Mr Red Polo Shirt ill-advisedly hands the microphone to the victorious captain. "Hey, you assholes!" the New Yorkers' leader yells. "You're a bunch of wusses! Your team is shit, you're a lousy audience, and you're all gonna die!"
He is no Thucydides, yet his words speak to the crowd on a visceral level, many of whom are on their feet before he has finished his first insult, baying for his scalp on a pointed stick. "Rip his teeth out!" screams a voice behind me. The New Yorker is punched to the ground by the captain of the opposing team and they scrap in the dirt with the ferocity of sharks in a feeding frenzy.
The stars of the show are the Monster Trucks. They have their own personalities, fan bases and capabilities. And the crowd knows that if they could scrap in the dirt, too, they would. The sight of each vehicle taking to the air, as if willing its own impossible transformation into a winged beast, has a delicacy about it similar to a prima ballerina in mid-flight.

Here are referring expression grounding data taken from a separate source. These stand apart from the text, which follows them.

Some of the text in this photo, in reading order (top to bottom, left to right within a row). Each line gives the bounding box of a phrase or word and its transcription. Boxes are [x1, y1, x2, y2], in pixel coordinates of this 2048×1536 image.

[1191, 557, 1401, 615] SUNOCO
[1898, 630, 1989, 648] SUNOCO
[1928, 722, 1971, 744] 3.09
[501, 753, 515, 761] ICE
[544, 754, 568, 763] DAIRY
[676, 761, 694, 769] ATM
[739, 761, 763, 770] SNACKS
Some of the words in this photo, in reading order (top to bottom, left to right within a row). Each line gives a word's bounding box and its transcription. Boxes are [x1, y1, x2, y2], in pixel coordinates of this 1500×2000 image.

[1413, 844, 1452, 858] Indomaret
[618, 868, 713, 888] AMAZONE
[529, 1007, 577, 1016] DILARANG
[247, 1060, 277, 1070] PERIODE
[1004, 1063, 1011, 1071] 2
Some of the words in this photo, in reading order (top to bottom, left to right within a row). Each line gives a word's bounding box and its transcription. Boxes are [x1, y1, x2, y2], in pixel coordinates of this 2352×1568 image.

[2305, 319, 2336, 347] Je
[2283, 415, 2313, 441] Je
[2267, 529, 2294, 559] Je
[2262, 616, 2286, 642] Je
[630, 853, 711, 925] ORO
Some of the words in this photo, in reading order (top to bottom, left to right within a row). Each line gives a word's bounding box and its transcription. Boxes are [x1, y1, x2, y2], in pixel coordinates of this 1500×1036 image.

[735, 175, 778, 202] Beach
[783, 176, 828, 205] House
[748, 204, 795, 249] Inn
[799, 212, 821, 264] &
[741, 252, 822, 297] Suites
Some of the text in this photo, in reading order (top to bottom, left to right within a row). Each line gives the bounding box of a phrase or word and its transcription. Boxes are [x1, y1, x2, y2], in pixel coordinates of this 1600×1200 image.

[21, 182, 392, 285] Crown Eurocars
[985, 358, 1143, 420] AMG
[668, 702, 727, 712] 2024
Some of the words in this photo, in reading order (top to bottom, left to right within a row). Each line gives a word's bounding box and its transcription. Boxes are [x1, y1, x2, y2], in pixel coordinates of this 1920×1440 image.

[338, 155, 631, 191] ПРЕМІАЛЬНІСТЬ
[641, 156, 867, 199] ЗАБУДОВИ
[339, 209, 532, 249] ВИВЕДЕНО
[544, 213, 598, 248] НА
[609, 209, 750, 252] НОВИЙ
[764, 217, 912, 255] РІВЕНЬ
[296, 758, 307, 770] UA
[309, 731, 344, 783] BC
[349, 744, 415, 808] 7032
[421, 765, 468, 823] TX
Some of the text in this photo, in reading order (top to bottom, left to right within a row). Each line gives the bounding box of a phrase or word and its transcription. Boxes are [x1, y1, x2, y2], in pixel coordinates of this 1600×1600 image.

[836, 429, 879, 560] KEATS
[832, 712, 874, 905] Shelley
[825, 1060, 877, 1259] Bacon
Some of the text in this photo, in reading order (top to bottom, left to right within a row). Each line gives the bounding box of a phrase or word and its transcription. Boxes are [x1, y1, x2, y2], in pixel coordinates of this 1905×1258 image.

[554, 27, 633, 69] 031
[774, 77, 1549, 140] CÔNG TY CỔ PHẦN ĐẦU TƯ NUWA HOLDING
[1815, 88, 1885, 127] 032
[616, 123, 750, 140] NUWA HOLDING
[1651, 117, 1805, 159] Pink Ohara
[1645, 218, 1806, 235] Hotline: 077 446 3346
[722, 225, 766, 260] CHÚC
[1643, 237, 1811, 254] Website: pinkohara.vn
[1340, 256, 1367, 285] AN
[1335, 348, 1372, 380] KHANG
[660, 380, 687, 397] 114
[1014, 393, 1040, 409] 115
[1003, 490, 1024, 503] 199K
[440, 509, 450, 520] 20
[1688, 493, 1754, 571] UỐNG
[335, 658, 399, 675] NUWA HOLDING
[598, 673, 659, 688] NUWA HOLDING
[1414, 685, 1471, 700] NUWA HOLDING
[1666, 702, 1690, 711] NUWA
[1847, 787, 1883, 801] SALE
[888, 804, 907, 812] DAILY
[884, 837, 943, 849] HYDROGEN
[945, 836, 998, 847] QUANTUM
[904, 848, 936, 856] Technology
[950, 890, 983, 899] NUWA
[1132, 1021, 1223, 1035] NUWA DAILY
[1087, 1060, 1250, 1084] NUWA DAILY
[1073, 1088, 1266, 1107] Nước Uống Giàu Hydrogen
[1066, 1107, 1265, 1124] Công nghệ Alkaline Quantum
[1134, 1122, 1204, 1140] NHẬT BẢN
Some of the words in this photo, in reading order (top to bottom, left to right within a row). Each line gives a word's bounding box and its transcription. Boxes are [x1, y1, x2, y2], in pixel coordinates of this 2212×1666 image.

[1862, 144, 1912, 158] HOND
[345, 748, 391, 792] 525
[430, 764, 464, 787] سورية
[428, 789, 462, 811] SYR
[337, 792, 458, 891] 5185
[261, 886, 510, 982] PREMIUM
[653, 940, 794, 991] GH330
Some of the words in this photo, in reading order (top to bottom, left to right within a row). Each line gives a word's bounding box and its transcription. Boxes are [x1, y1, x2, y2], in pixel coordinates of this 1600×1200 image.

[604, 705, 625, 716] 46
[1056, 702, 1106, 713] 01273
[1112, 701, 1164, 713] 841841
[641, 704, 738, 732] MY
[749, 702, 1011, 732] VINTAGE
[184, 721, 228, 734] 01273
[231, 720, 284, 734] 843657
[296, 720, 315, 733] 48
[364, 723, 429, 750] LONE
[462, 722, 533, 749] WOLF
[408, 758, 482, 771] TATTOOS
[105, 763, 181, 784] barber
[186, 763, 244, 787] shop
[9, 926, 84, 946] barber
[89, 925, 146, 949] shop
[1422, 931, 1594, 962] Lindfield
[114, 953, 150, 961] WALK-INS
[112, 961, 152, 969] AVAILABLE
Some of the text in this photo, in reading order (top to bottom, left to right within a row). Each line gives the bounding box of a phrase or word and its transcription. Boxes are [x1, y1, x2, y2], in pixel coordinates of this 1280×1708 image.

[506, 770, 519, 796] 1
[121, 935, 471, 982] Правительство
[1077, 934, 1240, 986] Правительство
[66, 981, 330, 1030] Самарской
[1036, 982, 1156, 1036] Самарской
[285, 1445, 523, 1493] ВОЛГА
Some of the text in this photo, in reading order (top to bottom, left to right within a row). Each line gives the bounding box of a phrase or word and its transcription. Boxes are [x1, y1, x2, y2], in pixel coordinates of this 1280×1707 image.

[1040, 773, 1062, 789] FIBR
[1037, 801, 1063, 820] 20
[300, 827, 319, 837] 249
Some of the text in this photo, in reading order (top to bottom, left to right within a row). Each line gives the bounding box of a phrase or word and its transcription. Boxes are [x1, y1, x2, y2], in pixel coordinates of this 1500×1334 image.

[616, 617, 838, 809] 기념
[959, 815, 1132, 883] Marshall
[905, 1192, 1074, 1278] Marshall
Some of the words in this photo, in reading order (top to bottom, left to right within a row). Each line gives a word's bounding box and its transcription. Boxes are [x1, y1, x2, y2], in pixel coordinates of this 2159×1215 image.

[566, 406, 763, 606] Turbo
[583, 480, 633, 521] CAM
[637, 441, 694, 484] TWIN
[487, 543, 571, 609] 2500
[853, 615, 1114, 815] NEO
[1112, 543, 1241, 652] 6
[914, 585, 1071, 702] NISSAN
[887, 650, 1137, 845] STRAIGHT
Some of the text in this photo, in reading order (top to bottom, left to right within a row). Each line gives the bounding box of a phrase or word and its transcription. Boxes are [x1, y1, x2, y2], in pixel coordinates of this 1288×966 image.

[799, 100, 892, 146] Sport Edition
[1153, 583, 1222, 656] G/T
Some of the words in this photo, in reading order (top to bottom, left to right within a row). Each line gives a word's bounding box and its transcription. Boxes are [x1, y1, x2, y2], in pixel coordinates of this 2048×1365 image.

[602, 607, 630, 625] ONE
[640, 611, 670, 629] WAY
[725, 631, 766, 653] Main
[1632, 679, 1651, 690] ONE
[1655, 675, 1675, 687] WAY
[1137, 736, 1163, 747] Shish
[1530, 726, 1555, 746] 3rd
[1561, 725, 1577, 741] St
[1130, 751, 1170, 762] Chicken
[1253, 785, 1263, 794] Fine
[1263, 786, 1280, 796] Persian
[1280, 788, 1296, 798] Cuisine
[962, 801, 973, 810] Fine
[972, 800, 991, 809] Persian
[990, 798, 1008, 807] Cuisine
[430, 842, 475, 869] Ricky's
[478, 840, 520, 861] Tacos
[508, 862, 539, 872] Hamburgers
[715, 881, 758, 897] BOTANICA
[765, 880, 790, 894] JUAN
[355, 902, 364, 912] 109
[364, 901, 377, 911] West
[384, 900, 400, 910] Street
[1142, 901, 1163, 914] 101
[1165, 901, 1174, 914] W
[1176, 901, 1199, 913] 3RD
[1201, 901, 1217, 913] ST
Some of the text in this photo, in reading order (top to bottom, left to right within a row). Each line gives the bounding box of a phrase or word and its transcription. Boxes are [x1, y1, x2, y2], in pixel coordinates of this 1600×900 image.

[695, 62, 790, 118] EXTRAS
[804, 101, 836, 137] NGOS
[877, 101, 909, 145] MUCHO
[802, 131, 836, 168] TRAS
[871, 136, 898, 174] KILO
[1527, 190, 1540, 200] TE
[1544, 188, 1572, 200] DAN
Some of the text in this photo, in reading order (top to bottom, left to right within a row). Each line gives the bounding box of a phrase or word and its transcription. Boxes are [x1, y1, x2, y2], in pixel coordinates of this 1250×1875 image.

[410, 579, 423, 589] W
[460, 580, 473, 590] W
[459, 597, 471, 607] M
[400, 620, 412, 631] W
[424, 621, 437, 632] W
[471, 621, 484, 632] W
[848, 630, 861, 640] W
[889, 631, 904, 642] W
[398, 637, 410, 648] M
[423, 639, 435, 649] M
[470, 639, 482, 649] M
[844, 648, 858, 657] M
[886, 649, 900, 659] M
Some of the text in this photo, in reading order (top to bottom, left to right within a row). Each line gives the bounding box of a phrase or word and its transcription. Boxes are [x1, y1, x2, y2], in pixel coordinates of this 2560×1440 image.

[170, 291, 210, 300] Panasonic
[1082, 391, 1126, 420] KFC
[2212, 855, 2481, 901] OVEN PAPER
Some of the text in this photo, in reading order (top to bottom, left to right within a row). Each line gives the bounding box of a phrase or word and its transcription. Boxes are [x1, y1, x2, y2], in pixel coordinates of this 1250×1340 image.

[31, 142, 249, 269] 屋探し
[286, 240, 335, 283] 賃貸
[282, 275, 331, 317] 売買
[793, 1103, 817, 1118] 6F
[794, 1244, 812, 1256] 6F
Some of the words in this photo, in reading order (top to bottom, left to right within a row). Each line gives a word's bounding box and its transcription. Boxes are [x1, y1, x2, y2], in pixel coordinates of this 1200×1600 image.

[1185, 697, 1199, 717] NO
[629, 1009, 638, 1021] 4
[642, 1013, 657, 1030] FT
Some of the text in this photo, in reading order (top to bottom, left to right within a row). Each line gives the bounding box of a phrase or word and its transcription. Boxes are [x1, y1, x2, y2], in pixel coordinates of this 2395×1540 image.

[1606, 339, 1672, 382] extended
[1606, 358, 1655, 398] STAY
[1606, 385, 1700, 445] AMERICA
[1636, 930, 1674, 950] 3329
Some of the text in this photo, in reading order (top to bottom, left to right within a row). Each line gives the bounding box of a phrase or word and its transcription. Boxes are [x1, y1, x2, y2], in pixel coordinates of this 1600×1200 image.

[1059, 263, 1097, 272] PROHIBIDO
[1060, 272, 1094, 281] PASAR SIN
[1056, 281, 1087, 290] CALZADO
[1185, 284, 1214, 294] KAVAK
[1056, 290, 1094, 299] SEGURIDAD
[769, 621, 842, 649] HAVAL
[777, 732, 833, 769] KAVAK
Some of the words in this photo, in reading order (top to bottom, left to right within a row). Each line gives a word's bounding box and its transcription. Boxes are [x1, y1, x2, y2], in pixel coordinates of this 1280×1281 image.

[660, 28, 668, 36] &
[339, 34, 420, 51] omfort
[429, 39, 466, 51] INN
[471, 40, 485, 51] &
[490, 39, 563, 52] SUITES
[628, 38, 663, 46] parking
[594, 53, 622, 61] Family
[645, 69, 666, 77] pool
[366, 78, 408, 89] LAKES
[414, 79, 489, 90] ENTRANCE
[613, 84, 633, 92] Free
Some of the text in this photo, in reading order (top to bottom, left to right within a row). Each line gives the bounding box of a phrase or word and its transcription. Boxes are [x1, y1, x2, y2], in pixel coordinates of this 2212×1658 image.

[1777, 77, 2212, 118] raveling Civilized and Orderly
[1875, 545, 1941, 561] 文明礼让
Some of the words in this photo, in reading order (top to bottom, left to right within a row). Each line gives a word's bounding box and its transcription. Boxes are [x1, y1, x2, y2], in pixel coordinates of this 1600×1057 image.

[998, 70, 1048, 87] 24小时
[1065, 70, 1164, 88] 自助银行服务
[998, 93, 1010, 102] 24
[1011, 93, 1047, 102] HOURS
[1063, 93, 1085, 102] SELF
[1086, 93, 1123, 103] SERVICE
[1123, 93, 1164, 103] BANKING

Their ascent is remarkable enough - the sight of each of these ungainly, alien, clumsy objects as it climbs, swanlike, into the ether is breathtaking - but there is something stranger still. At the apex of its journey into space, Grave Digger hangs suspended for a moment, as if dangling from an invisible silver thread. "Thou wast not born for death, immortal bird!"
The impossibility of it induces a giddy breathlessness among us. There's a moment's involuntary silence, and we realise collectively that we're witnessing something magical. This is the timeless moment of which poets write, the tracing of a vision conjured out of tinsel and sawdust that inscribes in air our deepest anxieties, aspirations and traumas. It is wish-fulfilment in its purest form.
No dream lasts for ever, and before we know it we are awakened. Poised over the carnage splayed across the arena, the Grave Digger - 15ft in the air - slowly begins to descend. The only sane response is to gasp in horror, for we know that what is to come will be dementedly nauseating. That's why you can hear so many screams. You can almost hear the sickening crunch before the truck makes contact with the twists and outlines of metal beneath it.
Of course, the landing could never be smooth - and it is always hard to watch. It is like a car crash, only ten times worse than any you could imagine. The Monster Trucks always come off best but, even so, their suspension is tested to its limit as gravity does its work, dragging them messily and frighteningly back to earth. From time to time the trucks come to real grief, and when that happens the effect can be similar to that of a medium-sized explosive.
The arena is soon devastated like the landscape of some forgotten planet. The Grave Digger is declared the winner - if, indeed, that is the word. For this has been a conflict out of which none could be said to emerge truly victorious. It has been a war of attrition. As David and I wander out of the Verizon Center, white-faced and exhausted, it is clear that other audience members are similarly affected. They stagger into the road like stroke victims; small children scream without comfort; on the pavements grown men throw up. Knowing what to expect, the city's police have shut down all surrounding access roads and summoned ambulances, lined up outside the main doors.
"This was not a psychotic episode," David assures me, gripping my arm a little too tightly. "We really did see that."
"Yes," I say. "I believe you."
As we walk out into the cold DC night, we know that the psychic scars will remain for ever. Those weird mechanical beings with a life of their own will run through our subconscious until the end of our days. And what can we do but embrace them? For, if nothing else, they are evidence of a reality higher than that in which we eke out our everyday existences, an exalted truth of which the sublunary world is the tackiest of imitations. And, curiously enough, I reflect, I'm in exactly the right state of mind in which to deliver tomorrow morning's class on Keats' Ode on a Grecian Urn.